2月28日、米フロリダ州オーランドで開かれた集会で演説するトランプ前大統領(ロイター=共同)
2月28日、米フロリダ州オーランドで開かれた集会で演説するトランプ前大統領(ロイター=共同)

 【ワシントン=黒瀬悦成】米大統領の諮問機関である国家情報会議(NIC)は16日、昨年の米大統領選への外国勢力の干渉に関する報告書を公表した。報告書は、ロシア当局がプーチン大統領の承認の下、トランプ大統領(当時)の再選と民主党のバイデン候補(現大統領)の追い落としを図る一方、選挙プロセスに対する米有権者の信頼をおとしめ、米社会と政治の分断を促進させる目的で情報工作を展開したと結論づけた。

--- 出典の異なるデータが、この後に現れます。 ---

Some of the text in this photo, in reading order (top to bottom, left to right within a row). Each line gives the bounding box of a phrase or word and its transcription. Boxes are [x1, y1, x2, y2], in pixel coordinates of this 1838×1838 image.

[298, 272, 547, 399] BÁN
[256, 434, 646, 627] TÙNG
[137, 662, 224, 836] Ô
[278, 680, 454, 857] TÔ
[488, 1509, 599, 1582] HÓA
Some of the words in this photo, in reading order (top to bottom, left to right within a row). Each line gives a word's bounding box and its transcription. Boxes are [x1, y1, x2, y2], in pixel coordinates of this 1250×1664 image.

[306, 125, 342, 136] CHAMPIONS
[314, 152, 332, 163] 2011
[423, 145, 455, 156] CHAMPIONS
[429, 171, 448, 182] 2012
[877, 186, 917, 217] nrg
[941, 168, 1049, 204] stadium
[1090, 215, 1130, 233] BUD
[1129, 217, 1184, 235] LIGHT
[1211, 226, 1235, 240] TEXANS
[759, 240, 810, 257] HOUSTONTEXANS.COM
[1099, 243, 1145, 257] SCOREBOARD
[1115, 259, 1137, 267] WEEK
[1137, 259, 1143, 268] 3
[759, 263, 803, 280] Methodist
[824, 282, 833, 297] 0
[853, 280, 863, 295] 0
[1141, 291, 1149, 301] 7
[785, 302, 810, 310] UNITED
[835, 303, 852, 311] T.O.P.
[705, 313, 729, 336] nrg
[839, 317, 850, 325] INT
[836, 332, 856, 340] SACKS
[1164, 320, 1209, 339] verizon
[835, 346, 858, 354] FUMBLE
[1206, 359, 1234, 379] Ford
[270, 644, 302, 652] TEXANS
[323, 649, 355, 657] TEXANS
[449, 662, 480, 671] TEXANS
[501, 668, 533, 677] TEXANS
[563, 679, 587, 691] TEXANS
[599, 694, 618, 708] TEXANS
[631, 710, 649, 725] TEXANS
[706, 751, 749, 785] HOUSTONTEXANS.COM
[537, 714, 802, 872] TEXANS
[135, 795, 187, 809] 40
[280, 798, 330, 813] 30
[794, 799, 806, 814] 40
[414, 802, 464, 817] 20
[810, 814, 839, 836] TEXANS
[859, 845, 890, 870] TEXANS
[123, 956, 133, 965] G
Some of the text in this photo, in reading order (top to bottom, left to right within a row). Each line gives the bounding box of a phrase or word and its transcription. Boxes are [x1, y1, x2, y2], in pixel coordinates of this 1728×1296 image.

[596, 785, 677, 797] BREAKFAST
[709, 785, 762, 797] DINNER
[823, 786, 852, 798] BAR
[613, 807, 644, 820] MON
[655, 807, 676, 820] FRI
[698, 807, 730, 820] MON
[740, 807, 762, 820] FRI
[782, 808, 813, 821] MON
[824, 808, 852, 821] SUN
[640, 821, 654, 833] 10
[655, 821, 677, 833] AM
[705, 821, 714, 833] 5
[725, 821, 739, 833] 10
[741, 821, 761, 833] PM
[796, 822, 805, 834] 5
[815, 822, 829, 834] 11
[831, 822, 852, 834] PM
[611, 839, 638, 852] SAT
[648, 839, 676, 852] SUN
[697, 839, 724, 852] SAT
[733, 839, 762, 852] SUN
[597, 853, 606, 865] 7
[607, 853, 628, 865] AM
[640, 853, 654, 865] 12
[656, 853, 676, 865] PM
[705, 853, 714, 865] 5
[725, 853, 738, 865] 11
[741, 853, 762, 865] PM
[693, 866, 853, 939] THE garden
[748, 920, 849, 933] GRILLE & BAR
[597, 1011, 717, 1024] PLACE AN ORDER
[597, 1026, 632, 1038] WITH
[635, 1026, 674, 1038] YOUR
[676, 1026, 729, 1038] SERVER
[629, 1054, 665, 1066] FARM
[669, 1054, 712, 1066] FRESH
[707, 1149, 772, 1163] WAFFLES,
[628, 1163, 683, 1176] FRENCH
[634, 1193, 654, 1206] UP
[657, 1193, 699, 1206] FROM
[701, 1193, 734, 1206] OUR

 報告書は具体的な事例として、プーチン氏が工作員として自ら管理下に置くウクライナの親露派国会議員、アンドレイ・デルカッチ氏が「選挙干渉工作に重要な役割を果たした」と指摘。米メディアなどによると、同氏はトランプ氏の個人弁護士だったジュリアーニ元ニューヨーク市長にバイデン氏および息子のハンター・バイデン氏に関するウクライナ絡みのスキャンダル情報を提供した情報源だったとされている。

 報告書は一連の醜聞情報の信憑(しんぴょう)性には言及していない。一方で「ロシアの戦略は、露情報機関に連なる人物を通じ、バイデン氏に不利となる無根拠で誤解を招く情報を米メディアや著名人、トランプ氏に近い人物に拡散させることだった」と指摘し、名指しを避けつつもジュリアーニ氏らがロシアの情報工作に利用されたことを強く示唆した。

 また、ロシアは大統領選が終わってからも、米国民に選挙結果に疑問を抱かせるよう仕向ける工作を展開し、バイデン氏の信用失墜を図ったとしている。

 報告書はさらに、イランがトランプ氏を落選させようと選挙干渉工作を展開したと指摘する一方、中国は米国との安定した関係を求める立場から選挙干渉を控えたと分析した。

 報告書は今年1月7日に退任直前のトランプ氏や政権高官、議会指導部などに機密文書として提出された。今回の公表にあたっては特定の情報や情報源、情報の入手方法など、今後の情報活動に支障が出る内容を削除したとしている。